[DATASET RECORDS Boundary: Start]

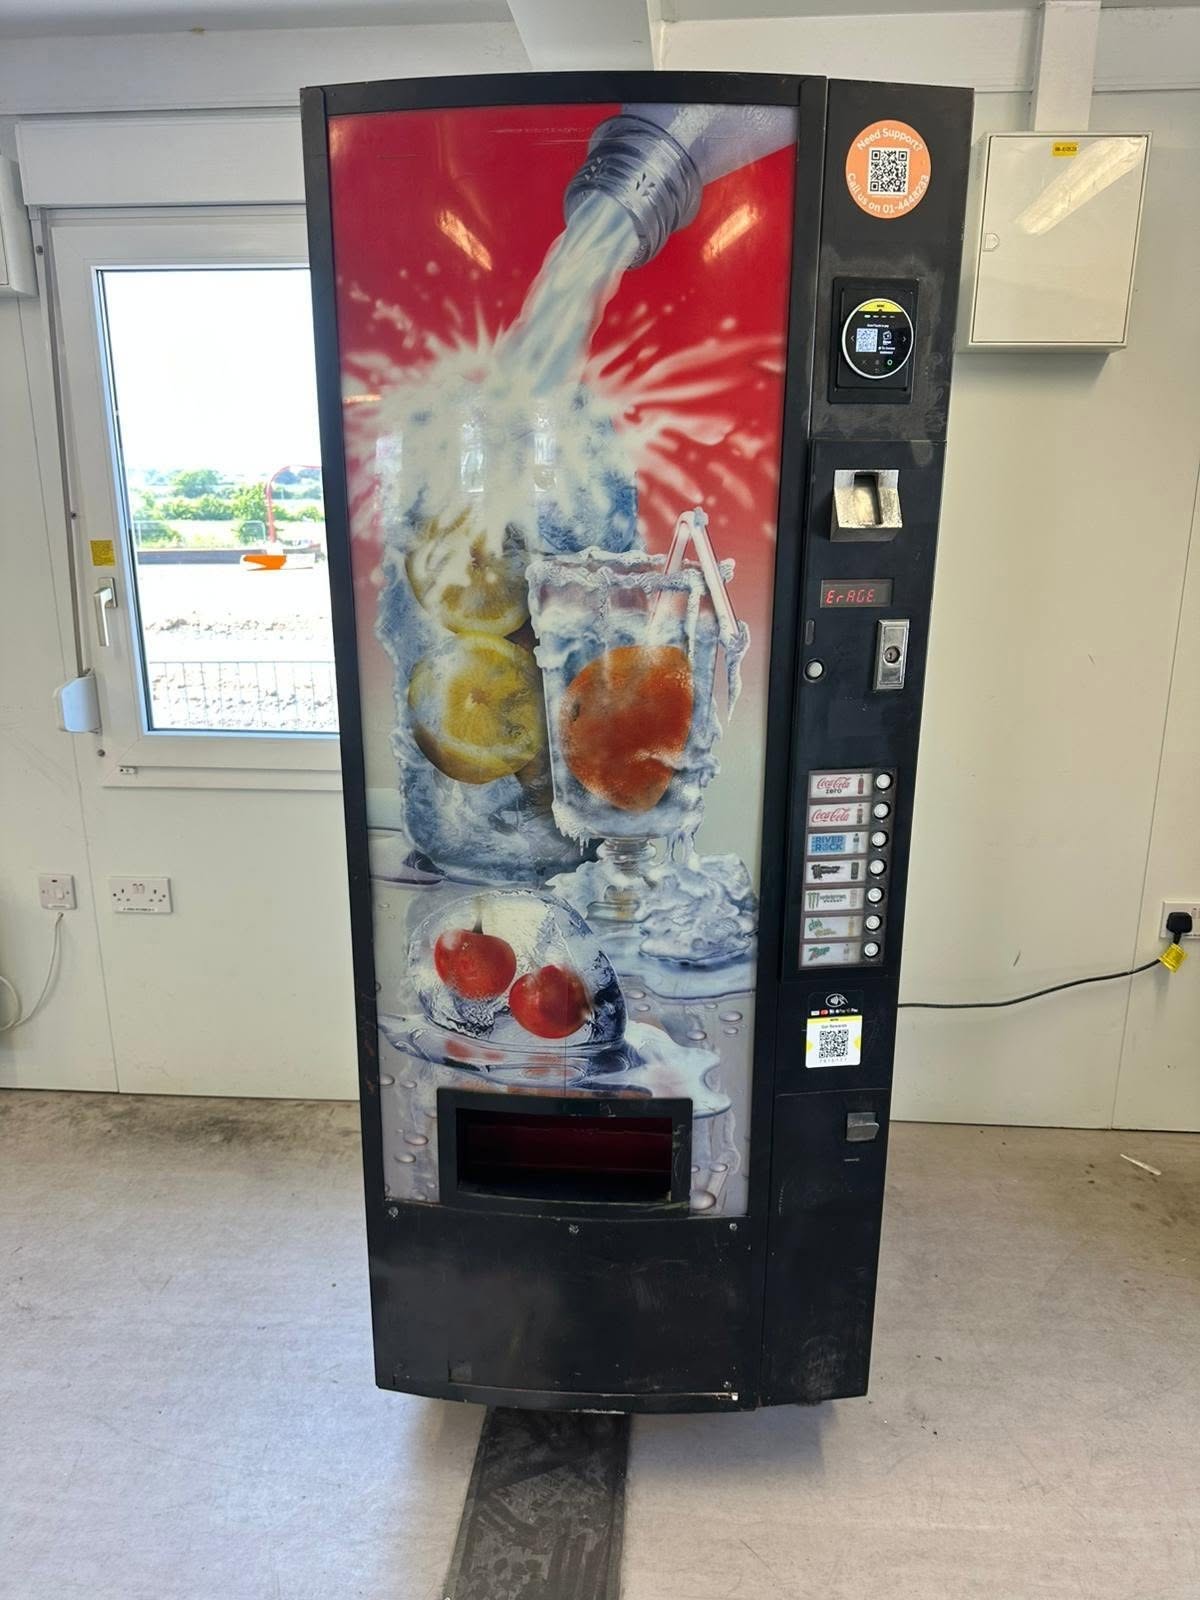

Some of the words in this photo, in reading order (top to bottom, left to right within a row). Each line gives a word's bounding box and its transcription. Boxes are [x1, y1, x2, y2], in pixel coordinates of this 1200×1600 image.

[857, 129, 881, 150] Need
[883, 128, 924, 152] Support?
[848, 173, 862, 195] Call
[858, 194, 868, 205] us
[869, 202, 881, 212] on
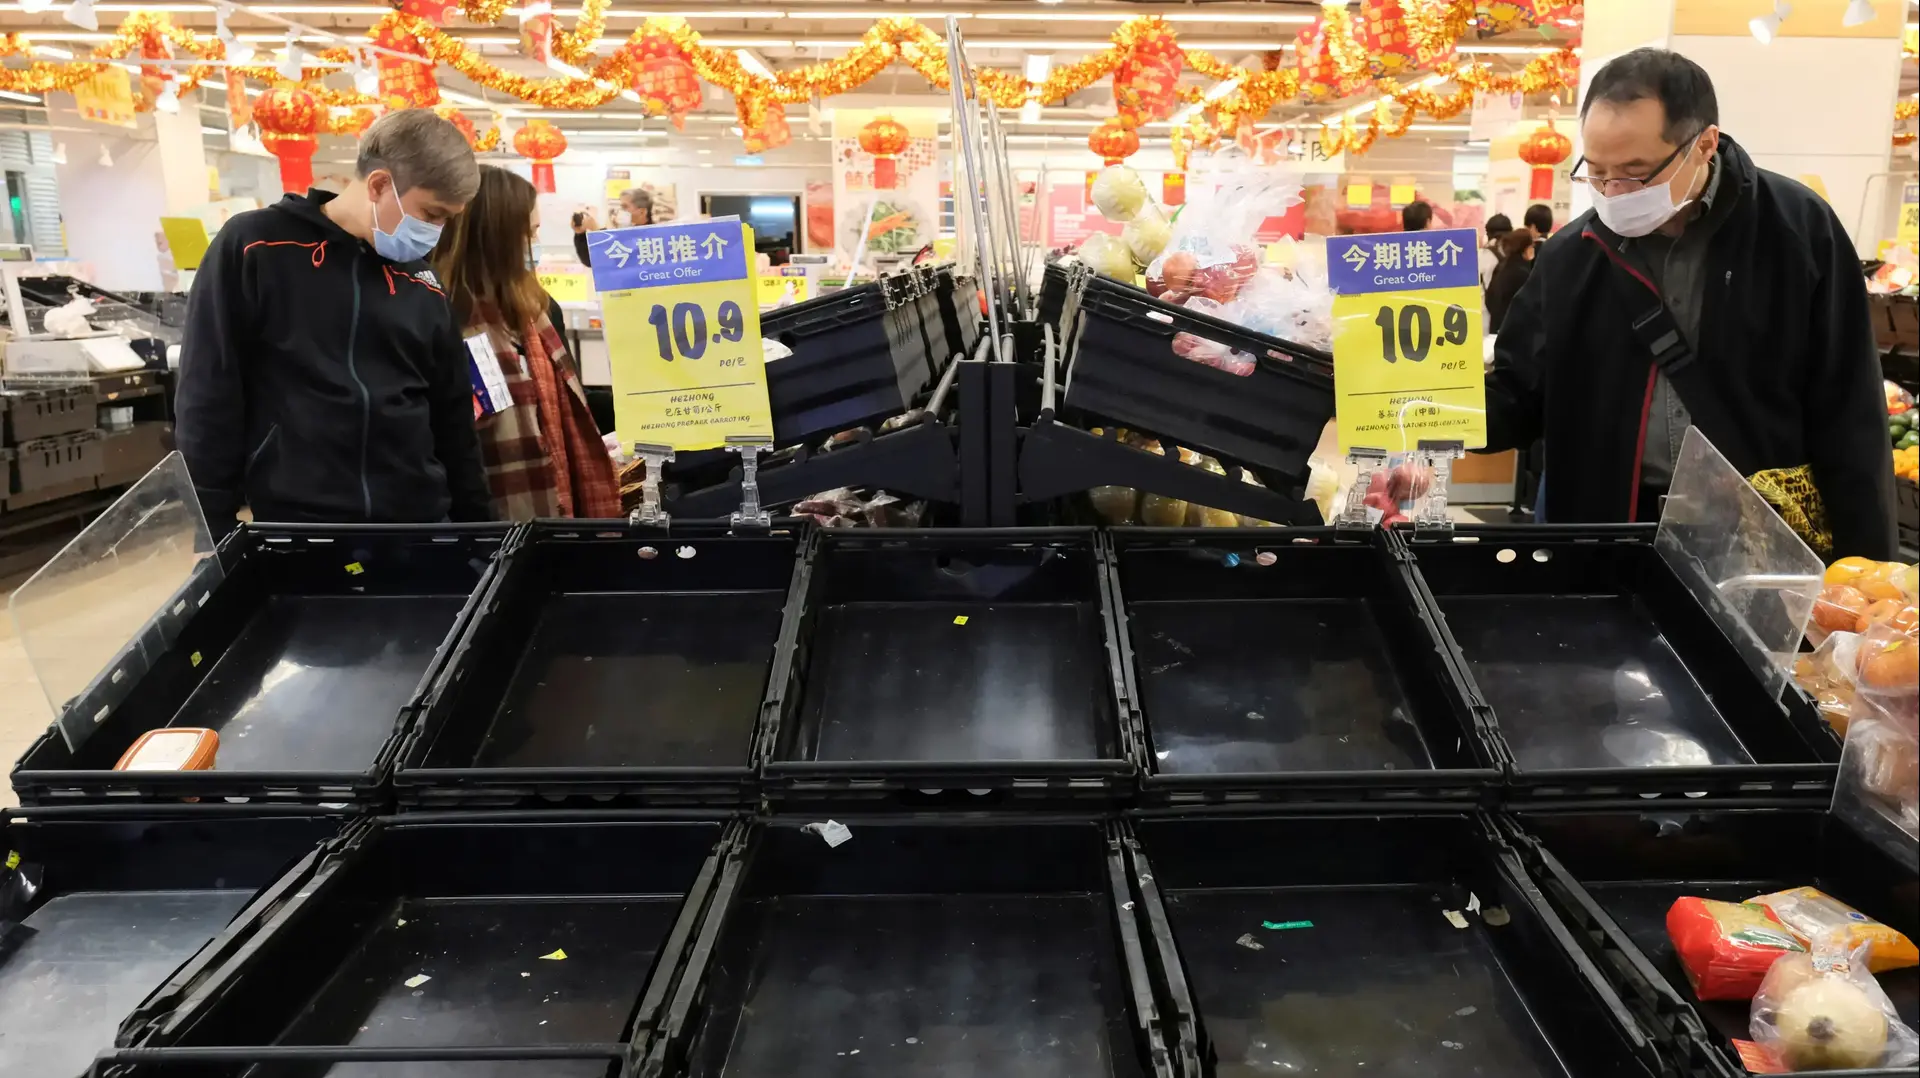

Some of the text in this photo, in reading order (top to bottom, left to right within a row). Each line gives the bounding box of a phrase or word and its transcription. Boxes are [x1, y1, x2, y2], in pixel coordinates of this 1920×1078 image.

[604, 232, 729, 269] 今期推介
[1341, 239, 1464, 272] 今期推介
[639, 266, 703, 281] Great Offer
[1373, 272, 1437, 285] Great Offer
[648, 300, 744, 362] 10.9
[1375, 304, 1468, 364] 10.9
[670, 393, 715, 404] HEZHONG
[1389, 396, 1433, 405] HEZHONG
[641, 420, 675, 430] HEZHONG
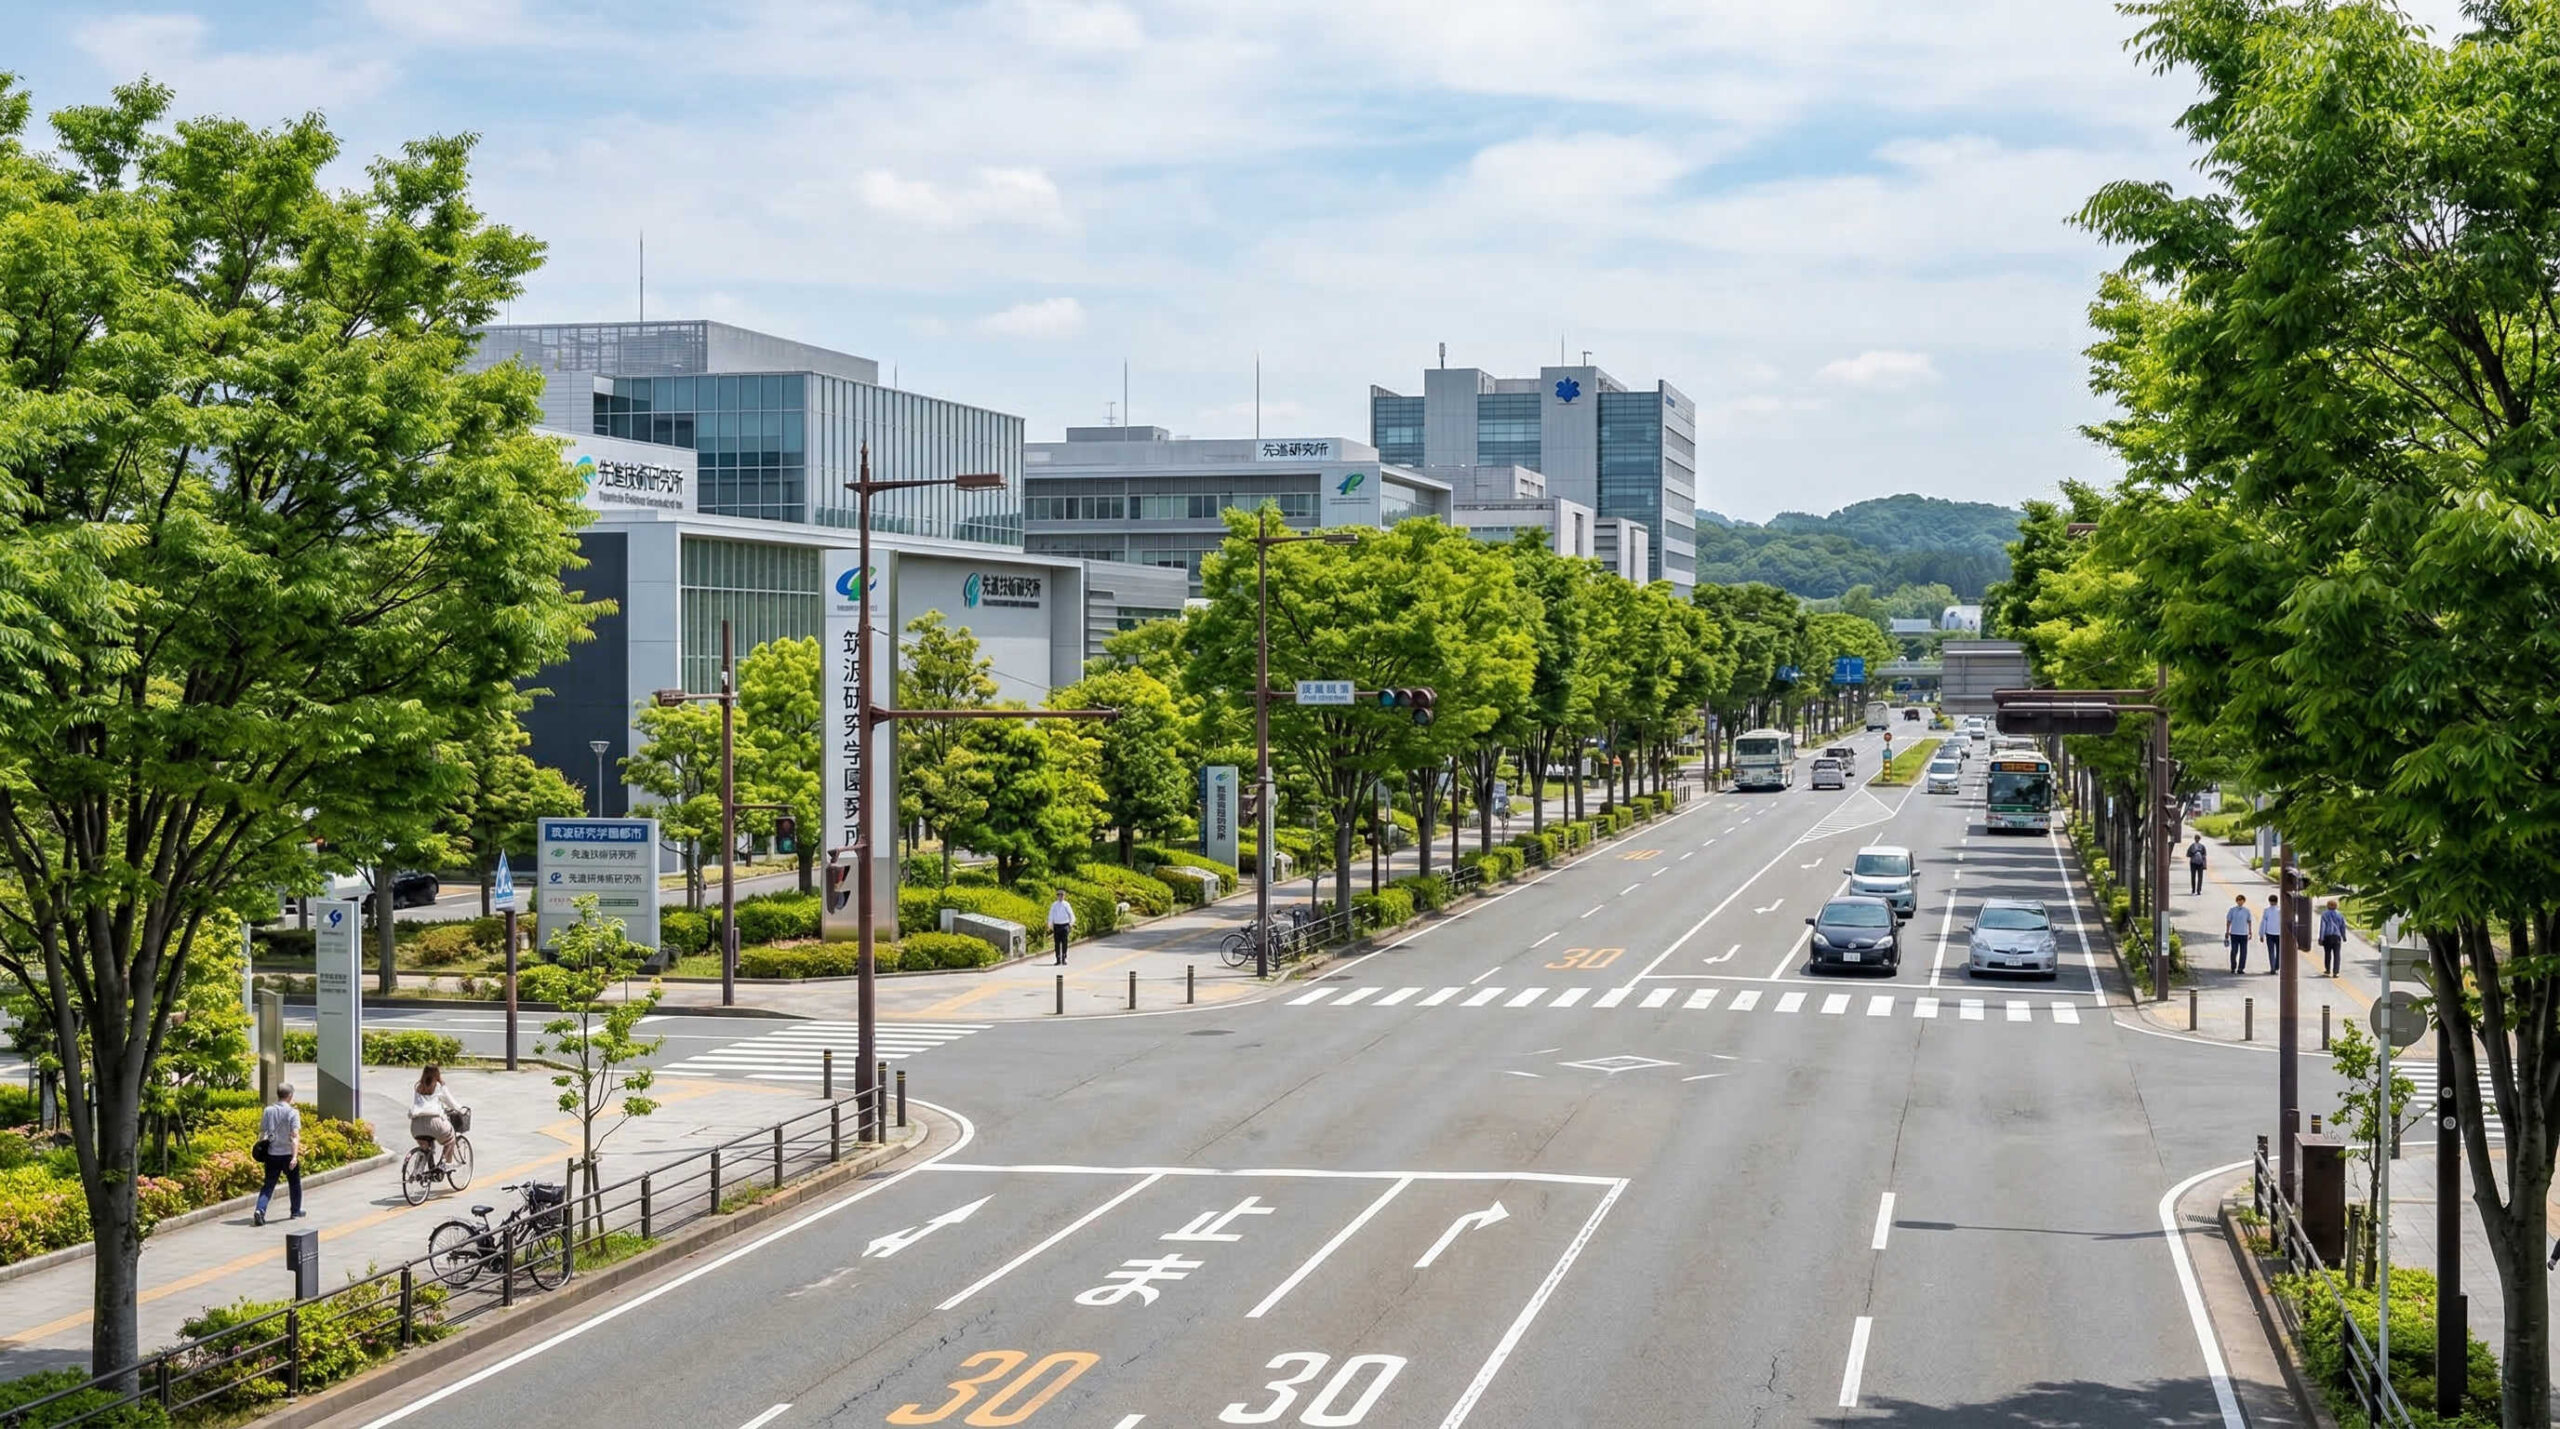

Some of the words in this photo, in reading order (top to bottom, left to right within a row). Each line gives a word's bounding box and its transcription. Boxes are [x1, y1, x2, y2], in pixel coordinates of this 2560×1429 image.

[DATASET RECORDS Boundary: End]

● ASSIGNED TASK: Reproduce only the lines from the line with "Some of the text" to the end of the entries. Keep both ends, copy them exactly, and omit every picture.

● RESPONSE:
Some of the text in this photo, in reading order (top to bottom, left to right within a row). Each line gives the bounding box of a phrase or word and its transcription. Boxes are [x1, y1, x2, y2], in pixel coordinates of this 1920×1078 image.

[604, 232, 729, 269] 今期推介
[1341, 239, 1464, 272] 今期推介
[639, 266, 703, 281] Great Offer
[1373, 272, 1437, 285] Great Offer
[648, 300, 744, 362] 10.9
[1375, 304, 1468, 364] 10.9
[670, 393, 715, 404] HEZHONG
[1389, 396, 1433, 405] HEZHONG
[641, 420, 675, 430] HEZHONG

Some of the words in this photo, in reading order (top to bottom, left to right within a row). Each line gives a word's bounding box and its transcription. Boxes are [x1, y1, x2, y2], in pixel coordinates of this 2560×1429 image.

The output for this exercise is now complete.